Excerpted data —
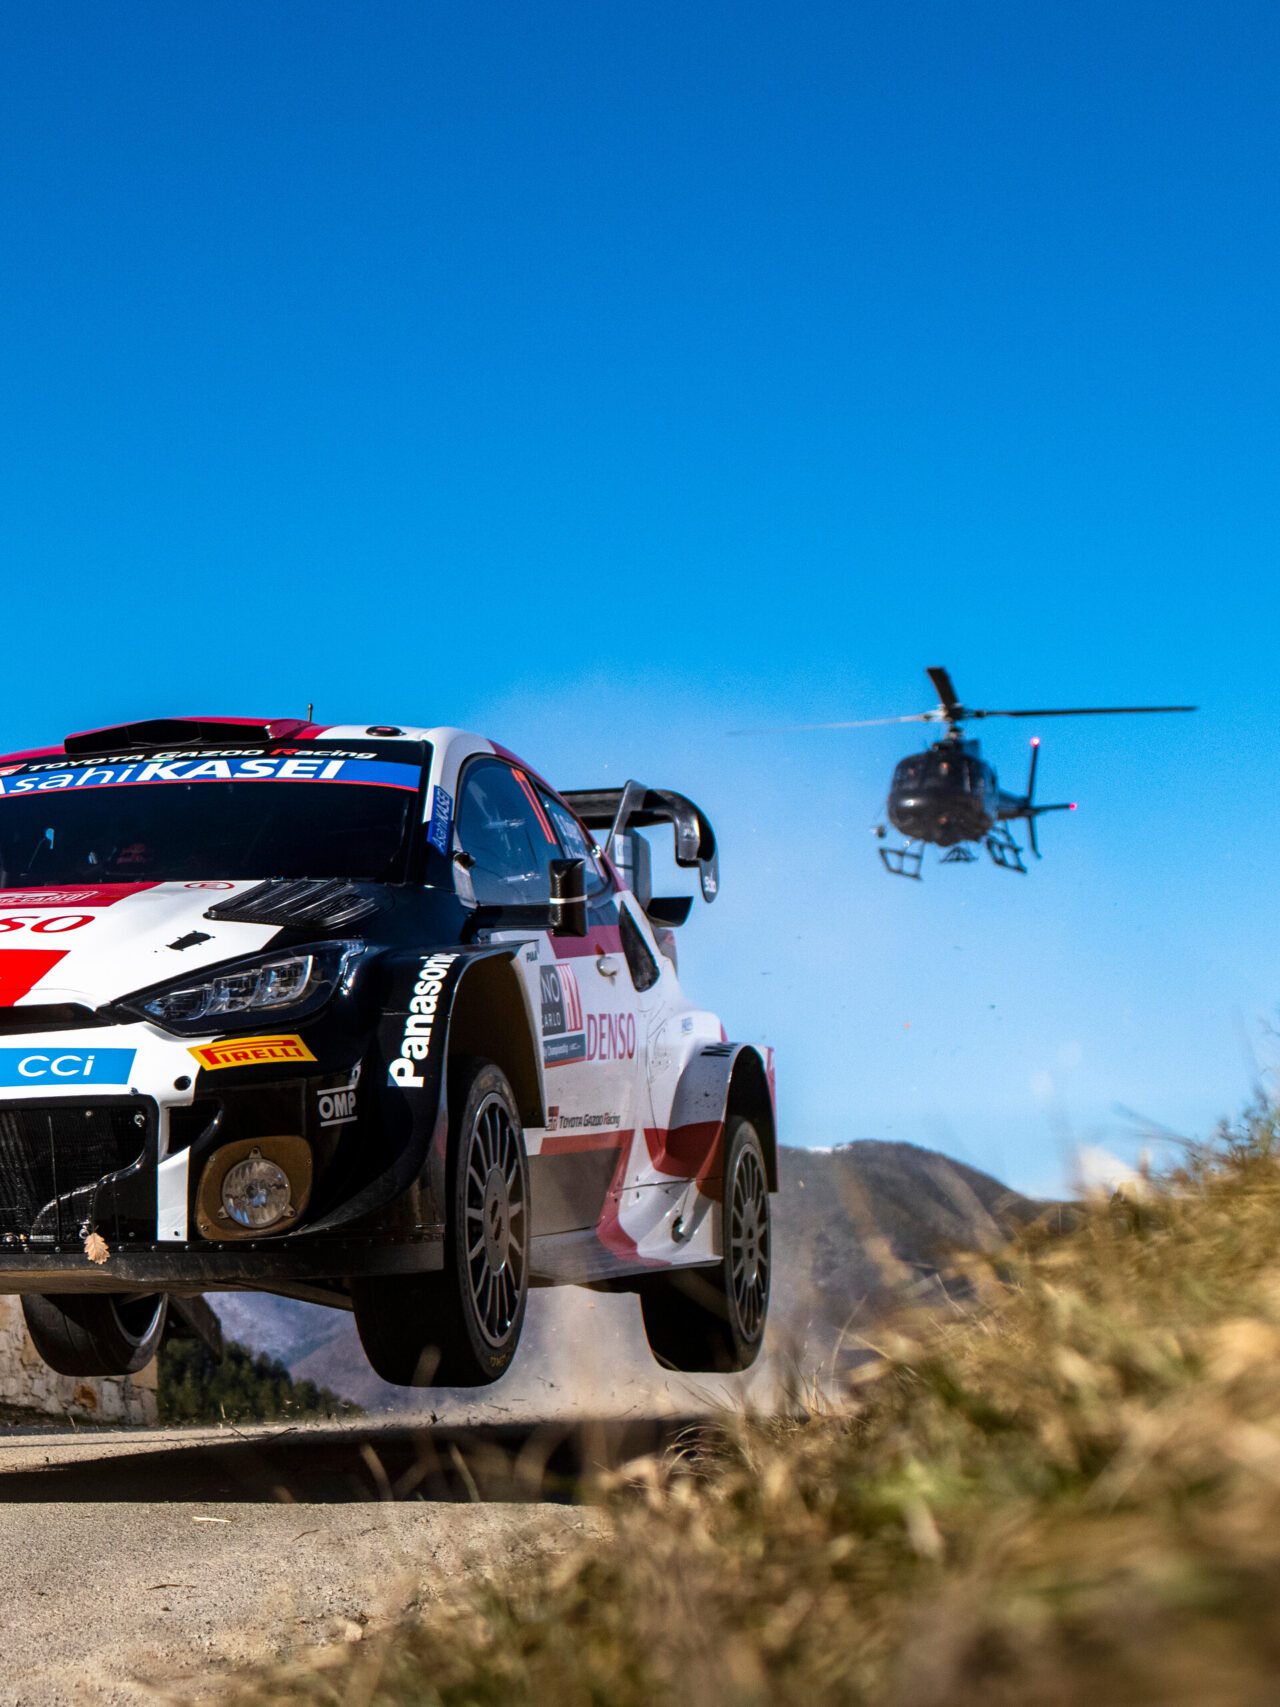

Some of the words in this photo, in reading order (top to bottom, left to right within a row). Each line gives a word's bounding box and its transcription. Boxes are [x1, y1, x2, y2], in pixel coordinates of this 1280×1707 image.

[29, 754, 145, 772] TOYOTA
[152, 749, 265, 761] GAZOO
[270, 748, 378, 759] Racing
[541, 1011, 562, 1028] ARLO
[586, 1012, 636, 1061] DENSO
[198, 1039, 305, 1066] PIRELLI
[318, 1091, 357, 1120] OMP
[560, 1115, 583, 1129] TOYOTA
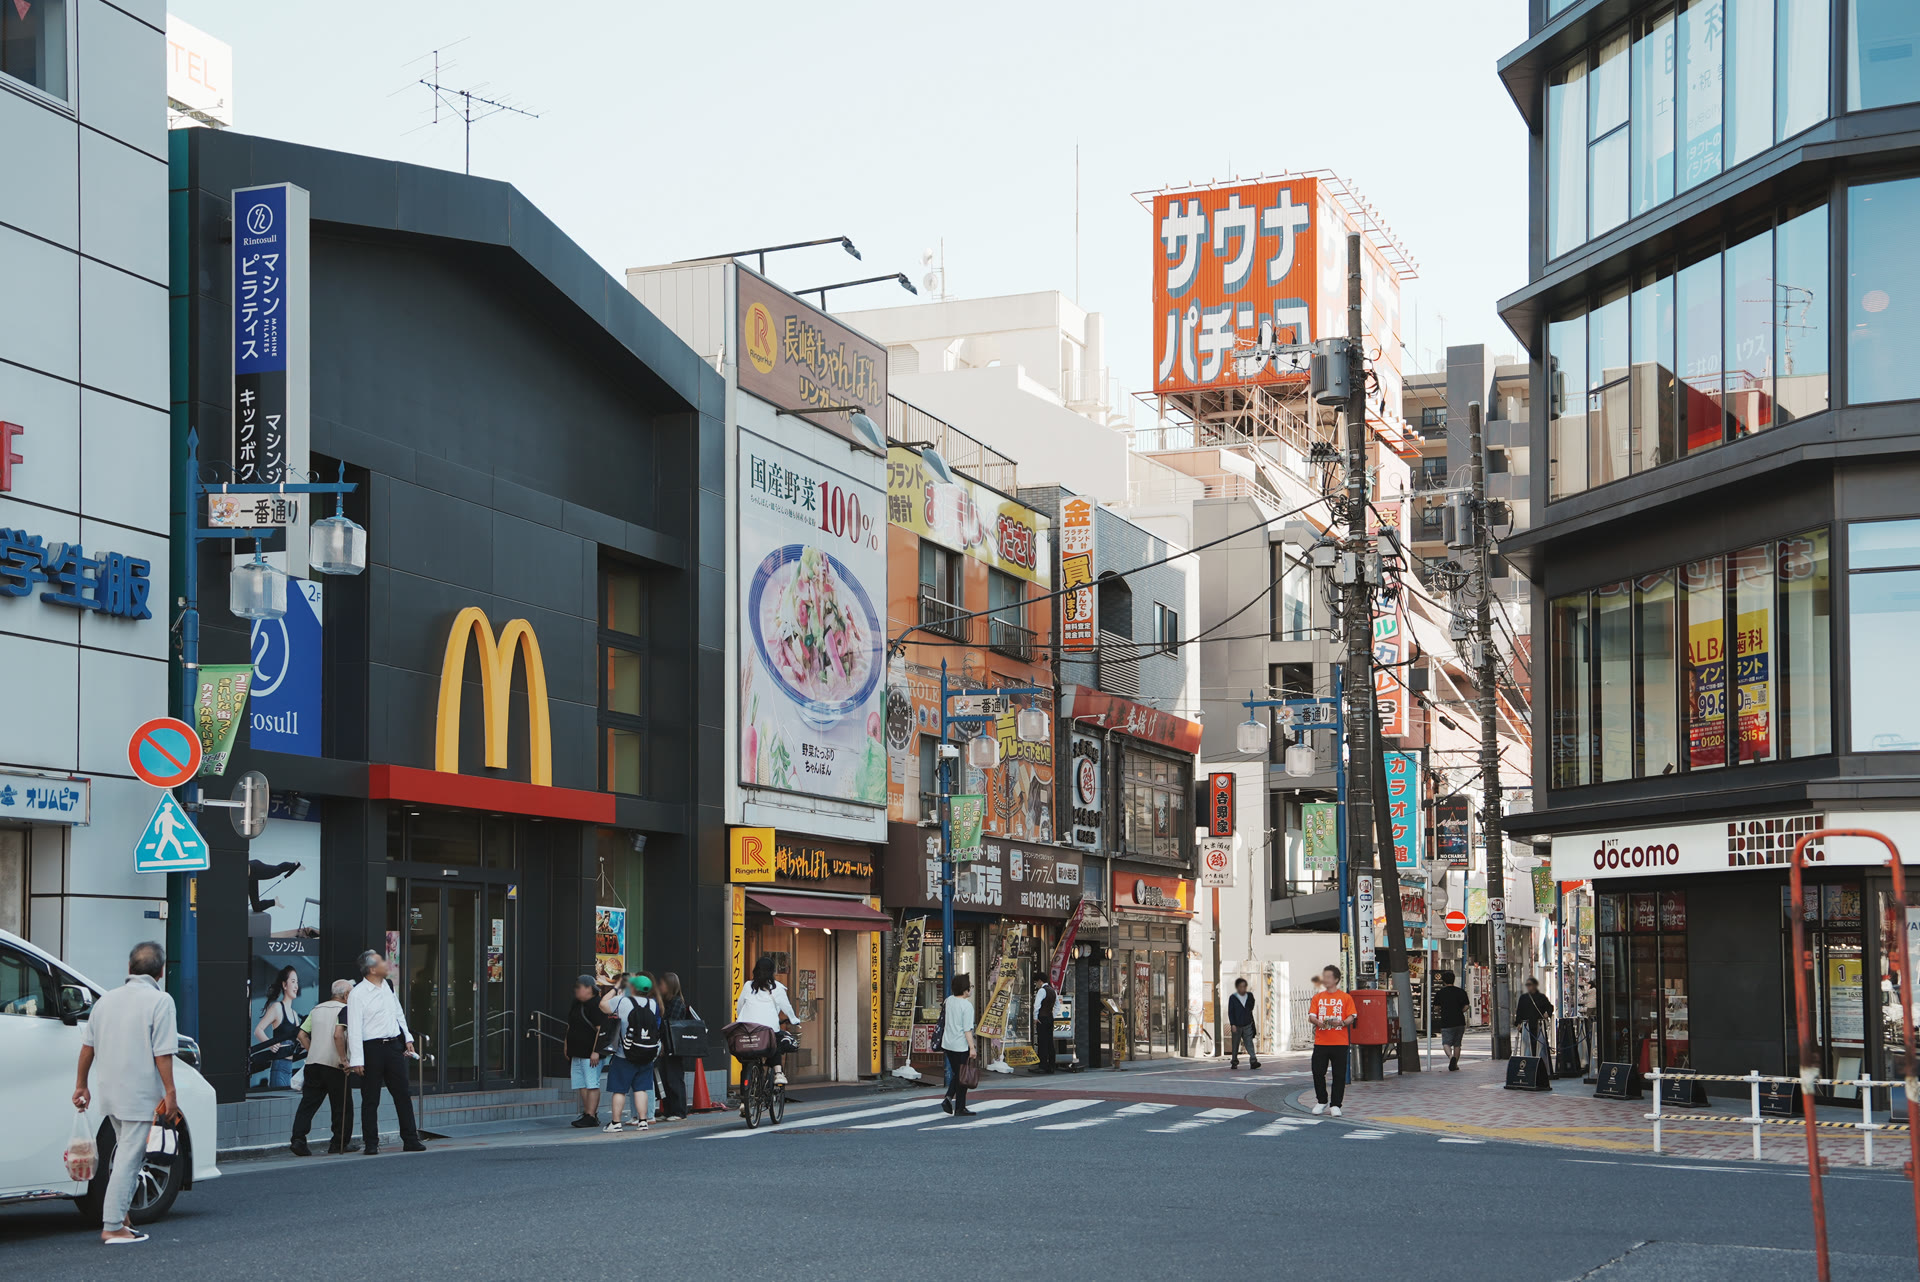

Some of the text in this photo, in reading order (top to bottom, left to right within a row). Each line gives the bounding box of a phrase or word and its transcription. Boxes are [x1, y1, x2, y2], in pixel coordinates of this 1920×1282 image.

[243, 235, 277, 246] Rintosull
[1161, 189, 1309, 292] サウナ
[262, 253, 279, 316] マシン
[242, 254, 259, 360] ピラティス
[1159, 306, 1310, 383] パチンコ
[783, 315, 882, 408] 長崎ちゃんぽん
[800, 375, 851, 424] リンガーハ
[240, 499, 298, 524] 一番通り
[751, 454, 879, 551] 国産野菜 100%
[889, 495, 912, 523] 時計
[1064, 500, 1091, 527] 金
[1370, 508, 1399, 528] 麻
[0, 528, 152, 619] 学生服
[308, 585, 321, 603] 2F
[1063, 555, 1092, 620] 買います
[1078, 589, 1087, 617] なんでも
[1065, 622, 1091, 630] 無料査定
[909, 679, 940, 703] ROLE
[973, 698, 1009, 714] 一番通り
[1294, 706, 1329, 722] 一番通り
[802, 743, 834, 761] 野菜たっぷり
[26, 787, 79, 811] オリムピア
[1390, 758, 1408, 862] カラオケ館
[1594, 840, 1680, 870] docomo
[1607, 838, 1619, 846] NTT
[735, 867, 756, 875] Ringer
[775, 846, 874, 879] 崎ちゃんぽん リンガーハット
[1024, 859, 1054, 884] キノクラム
[1029, 891, 1070, 911] 0120-211-415
[267, 942, 304, 953] マシンジム
[872, 942, 880, 1060] お持ち帰りできます

Work to complete —
An exact copy of all the entries above is required, with every picture left out.

Output of the task —
Some of the words in this photo, in reading order (top to bottom, left to right within a row). Each line gives a word's bounding box and its transcription. Boxes are [x1, y1, x2, y2], in pixel coordinates of this 1280×1707 image.

[29, 754, 145, 772] TOYOTA
[152, 749, 265, 761] GAZOO
[270, 748, 378, 759] Racing
[541, 1011, 562, 1028] ARLO
[586, 1012, 636, 1061] DENSO
[198, 1039, 305, 1066] PIRELLI
[318, 1091, 357, 1120] OMP
[560, 1115, 583, 1129] TOYOTA

Some of the text in this photo, in reading order (top to bottom, left to right within a row). Each line gives the bounding box of a phrase or word and its transcription. Boxes are [x1, y1, x2, y2], in pixel coordinates of this 1920×1282 image.

[243, 235, 277, 246] Rintosull
[1161, 189, 1309, 292] サウナ
[262, 253, 279, 316] マシン
[242, 254, 259, 360] ピラティス
[1159, 306, 1310, 383] パチンコ
[783, 315, 882, 408] 長崎ちゃんぽん
[800, 375, 851, 424] リンガーハ
[240, 499, 298, 524] 一番通り
[751, 454, 879, 551] 国産野菜 100%
[889, 495, 912, 523] 時計
[1064, 500, 1091, 527] 金
[1370, 508, 1399, 528] 麻
[0, 528, 152, 619] 学生服
[308, 585, 321, 603] 2F
[1063, 555, 1092, 620] 買います
[1078, 589, 1087, 617] なんでも
[1065, 622, 1091, 630] 無料査定
[909, 679, 940, 703] ROLE
[973, 698, 1009, 714] 一番通り
[1294, 706, 1329, 722] 一番通り
[802, 743, 834, 761] 野菜たっぷり
[26, 787, 79, 811] オリムピア
[1390, 758, 1408, 862] カラオケ館
[1594, 840, 1680, 870] docomo
[1607, 838, 1619, 846] NTT
[735, 867, 756, 875] Ringer
[775, 846, 874, 879] 崎ちゃんぽん リンガーハット
[1024, 859, 1054, 884] キノクラム
[1029, 891, 1070, 911] 0120-211-415
[267, 942, 304, 953] マシンジム
[872, 942, 880, 1060] お持ち帰りできます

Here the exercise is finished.